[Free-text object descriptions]
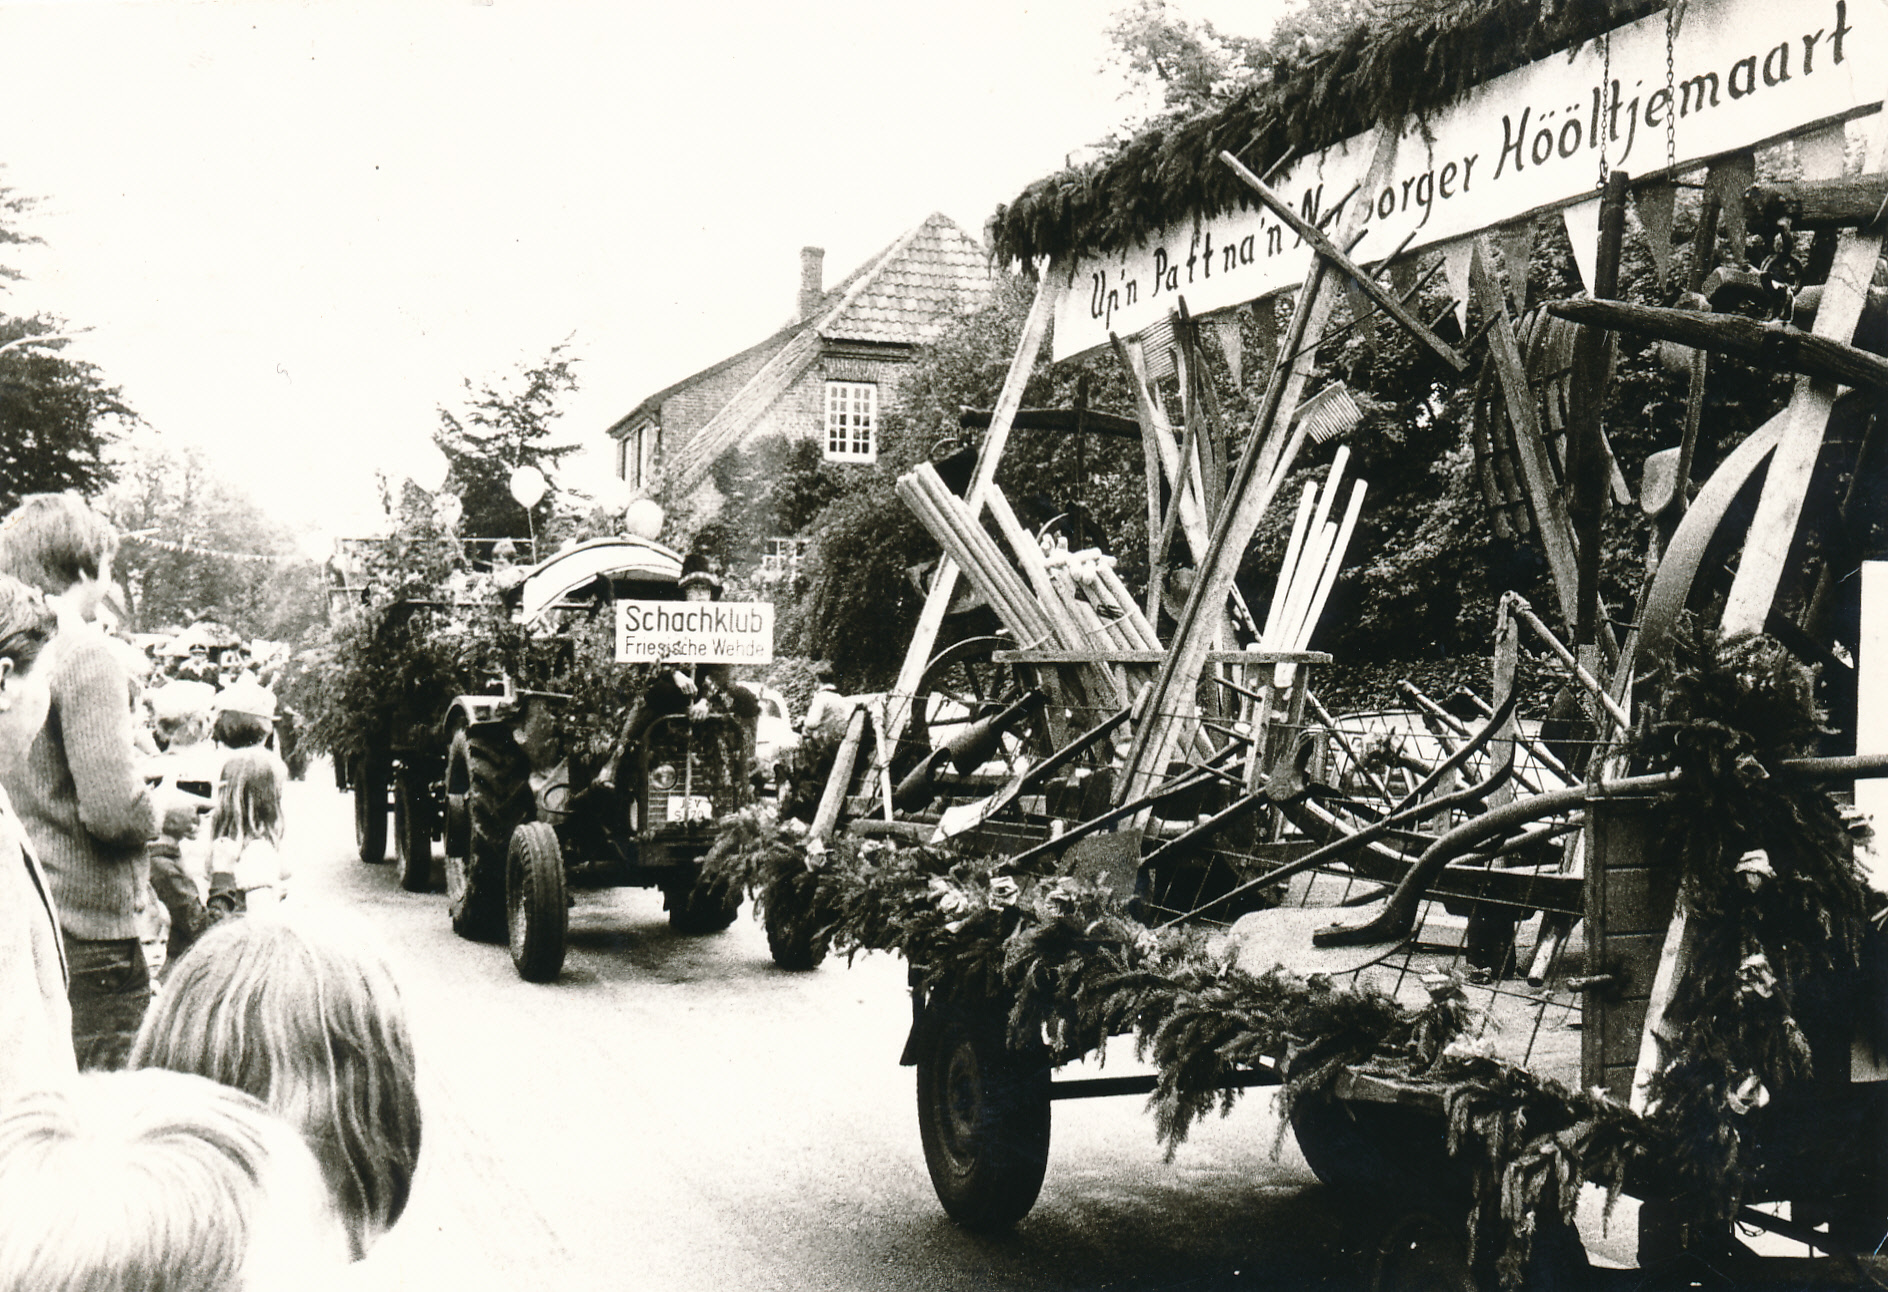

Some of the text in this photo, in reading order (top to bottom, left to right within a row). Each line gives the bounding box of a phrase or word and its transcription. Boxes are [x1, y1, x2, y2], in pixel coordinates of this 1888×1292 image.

[1091, 269, 1137, 330] Up'n
[1492, 0, 1854, 181] Hööltjemaart
[625, 605, 763, 633] Schachklub
[625, 635, 765, 657] Friesische Wehde
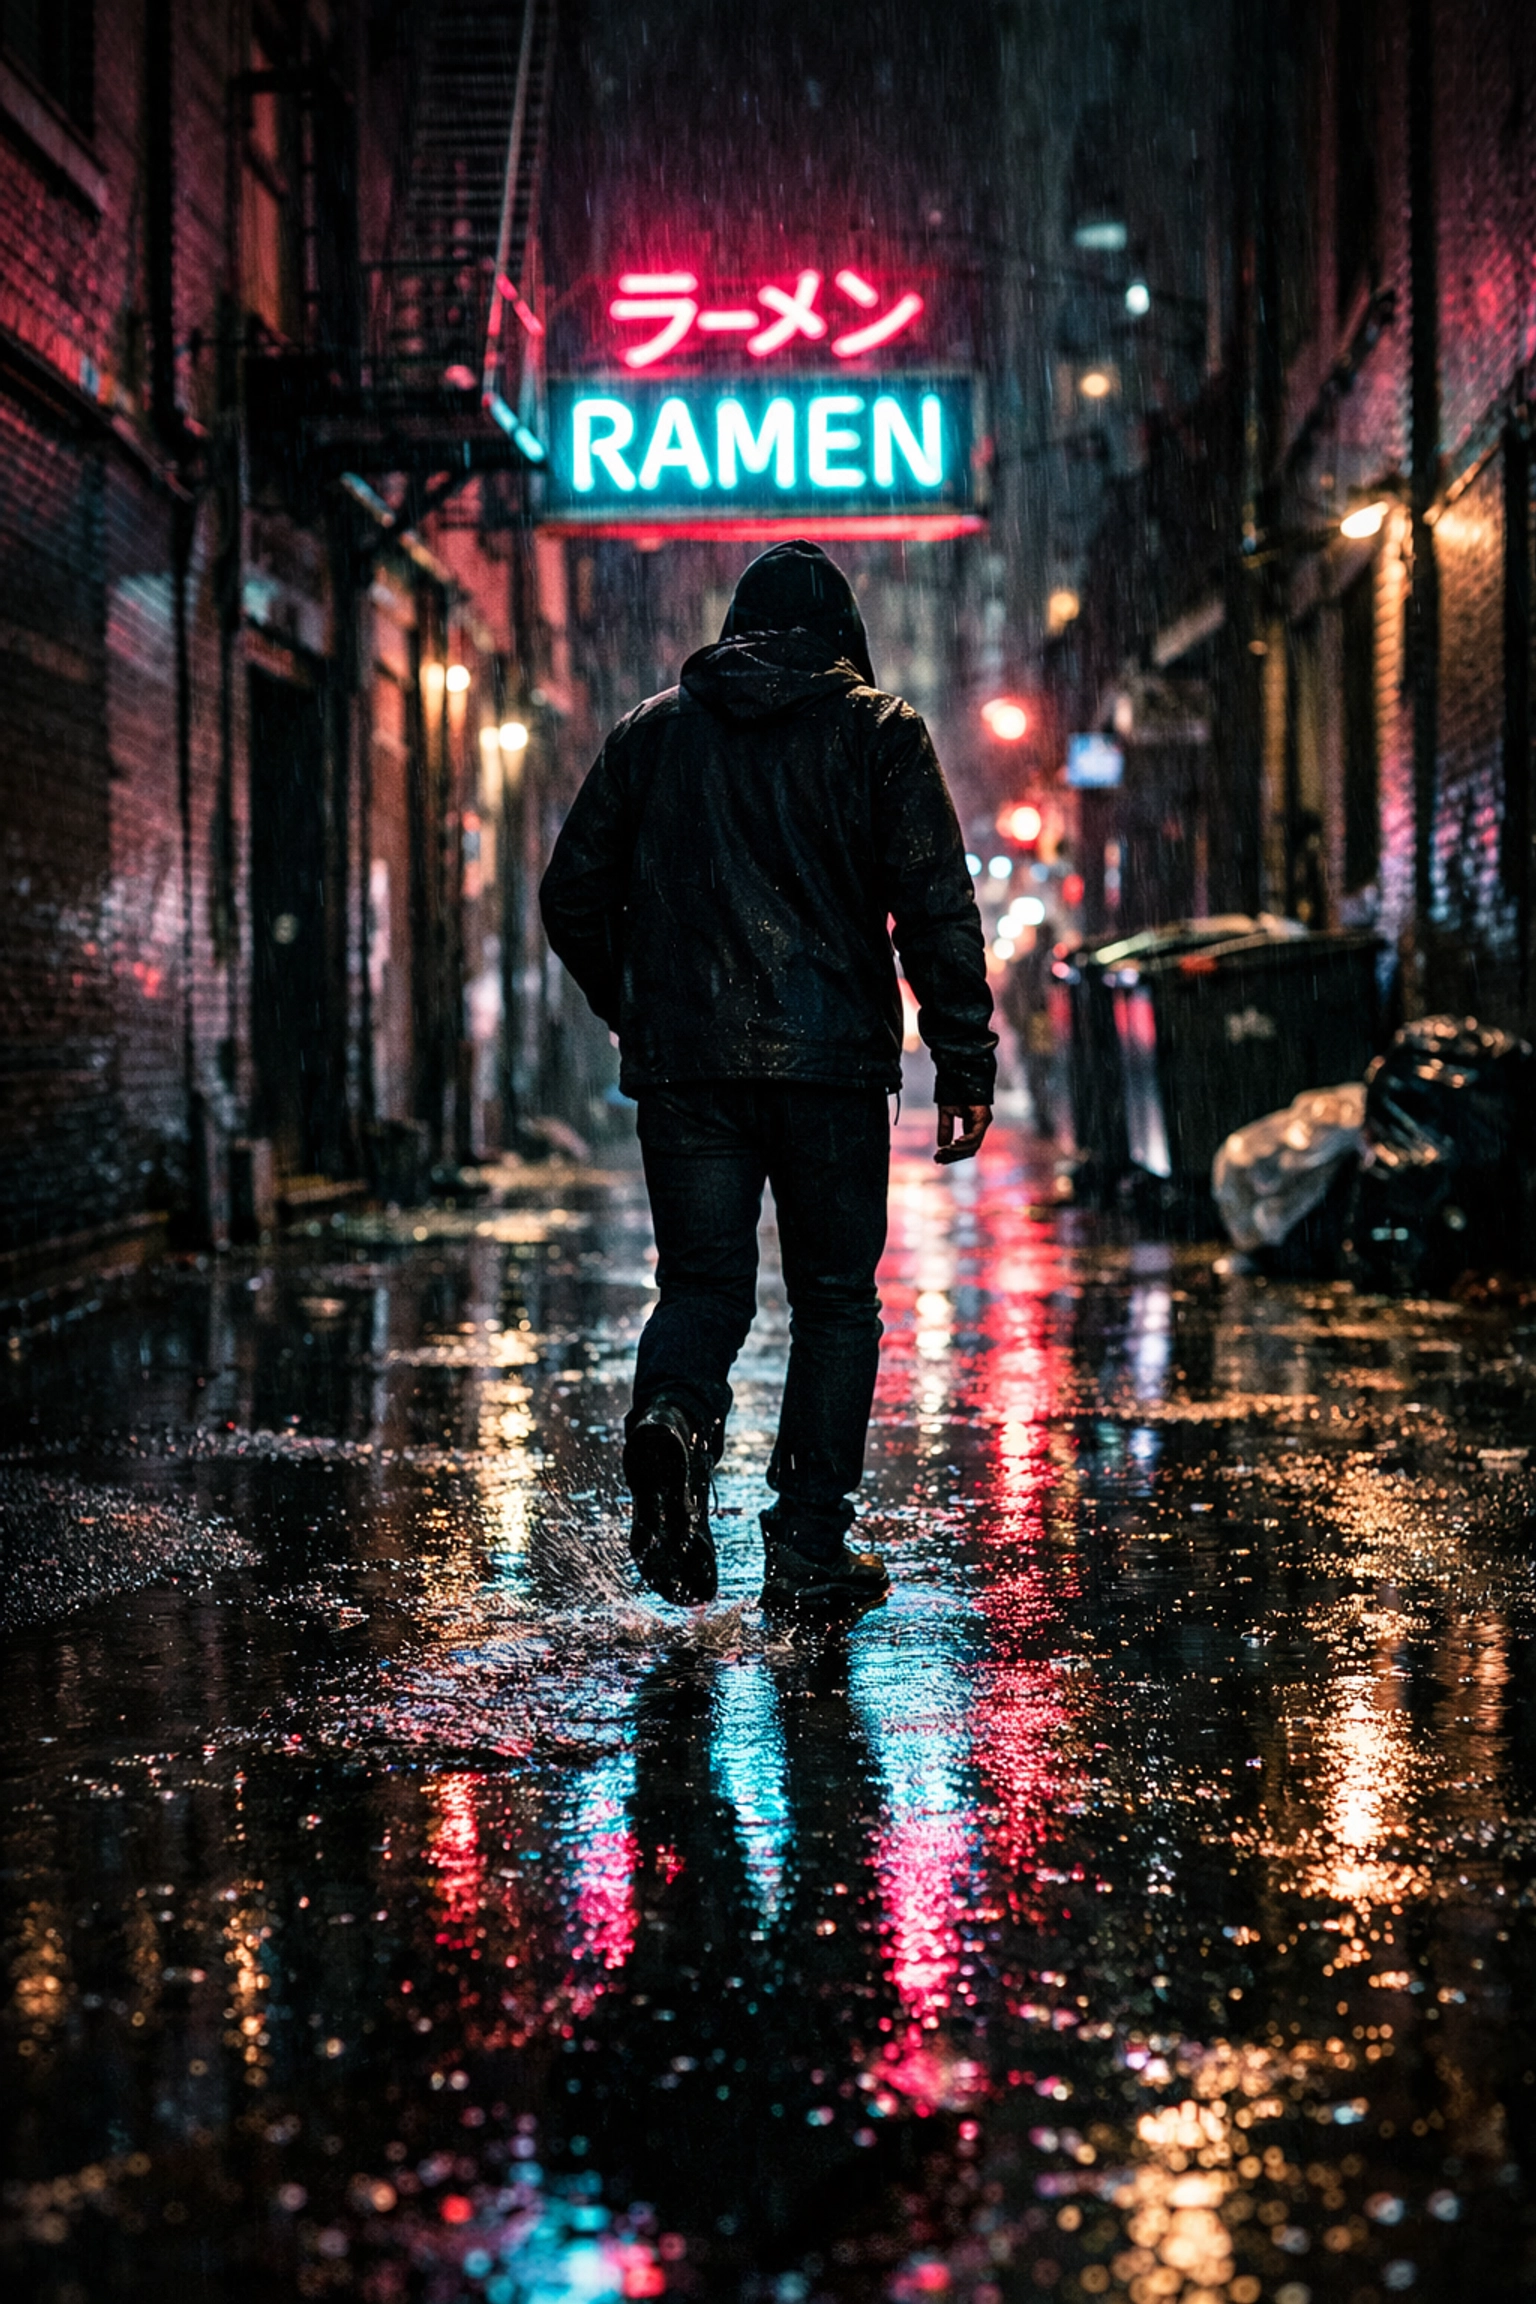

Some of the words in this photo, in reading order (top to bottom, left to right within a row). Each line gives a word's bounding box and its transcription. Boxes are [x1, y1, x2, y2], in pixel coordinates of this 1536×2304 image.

[609, 269, 924, 369] ラーメン
[571, 393, 943, 492] RAMEN
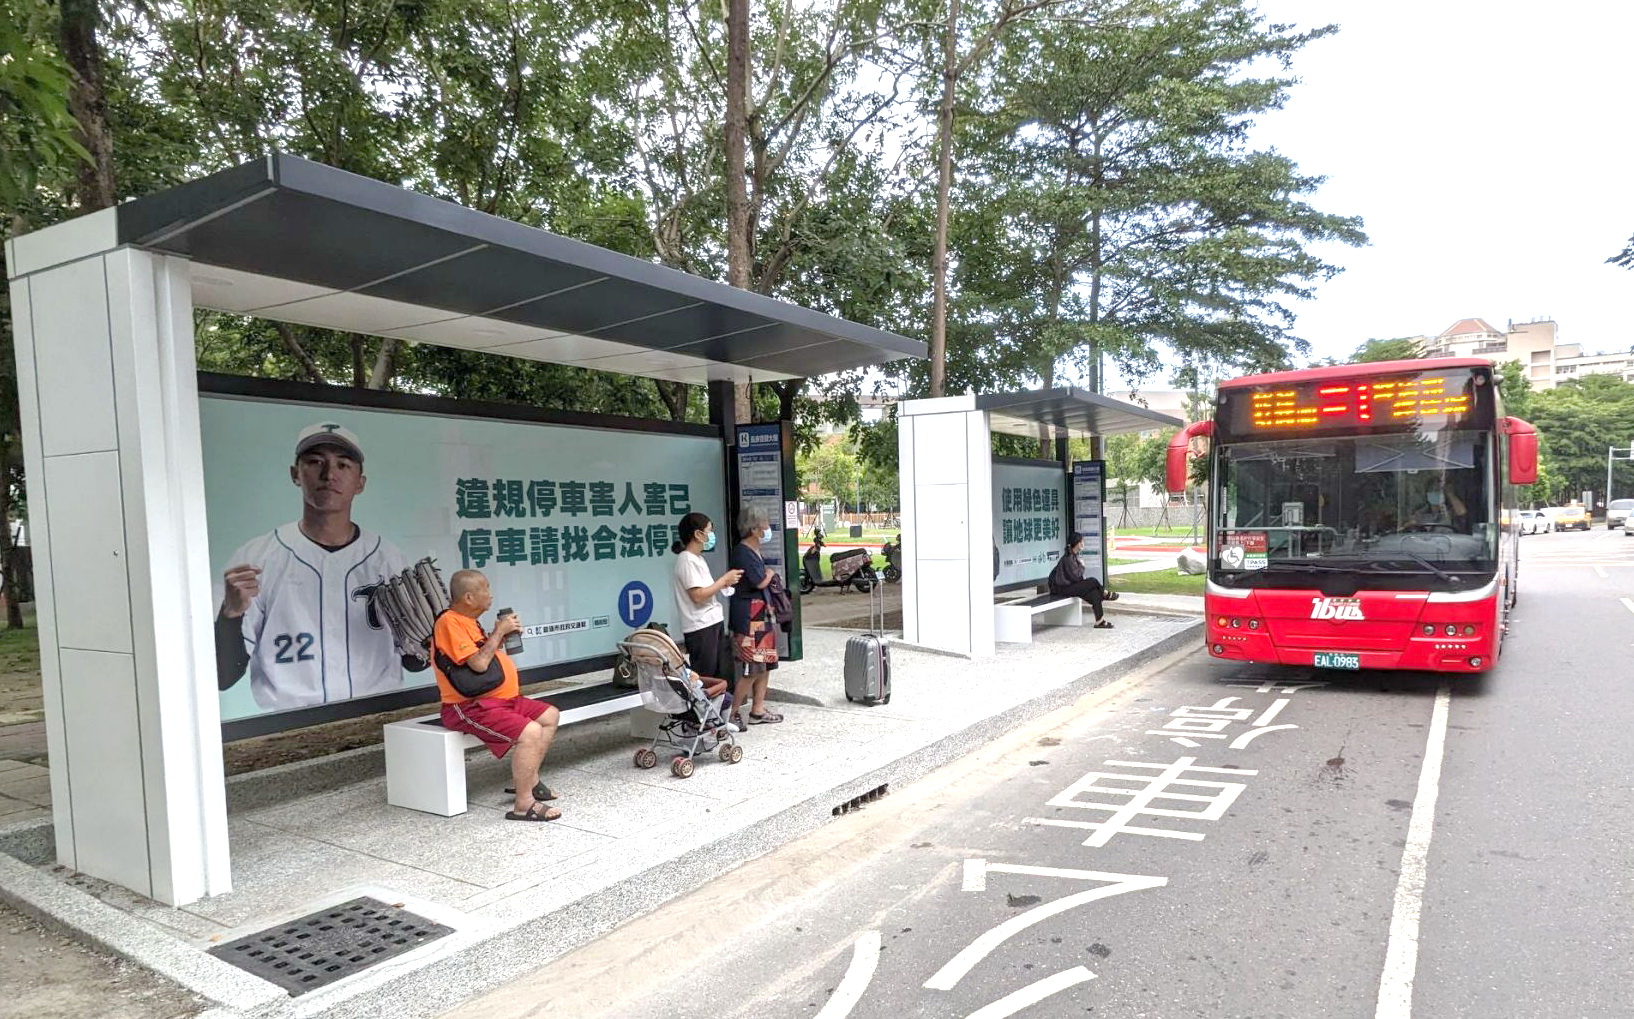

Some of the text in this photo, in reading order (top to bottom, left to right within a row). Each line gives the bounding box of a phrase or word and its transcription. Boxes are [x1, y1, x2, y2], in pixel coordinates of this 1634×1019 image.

=== What needs to be done ===
Please print every record above exactly, but leave the pictures out.

=== Exercise solution ===
Some of the text in this photo, in reading order (top to bottom, left to right within a row). Each line gives the bounding box of a phrase or word and its transcription. Boxes are [x1, y1, x2, y2], in pixel coordinates of this 1888×1292 image.

[1091, 269, 1137, 330] Up'n
[1492, 0, 1854, 181] Hööltjemaart
[625, 605, 763, 633] Schachklub
[625, 635, 765, 657] Friesische Wehde

Some of the words in this photo, in reading order (top to bottom, left to right within a row). Each line gives a word's bounding box and its transcription. Boxes are [x1, y1, x2, y2], in pixel coordinates of this 1536×2304 image.

[609, 269, 924, 369] ラーメン
[571, 393, 943, 492] RAMEN

Some of the text in this photo, in reading order (top to bottom, left to right within a row). Each line gives the bounding box of a phrase or word and its transcription. Boxes are [x1, y1, x2, y2], in pixel coordinates of this 1634×1019 image.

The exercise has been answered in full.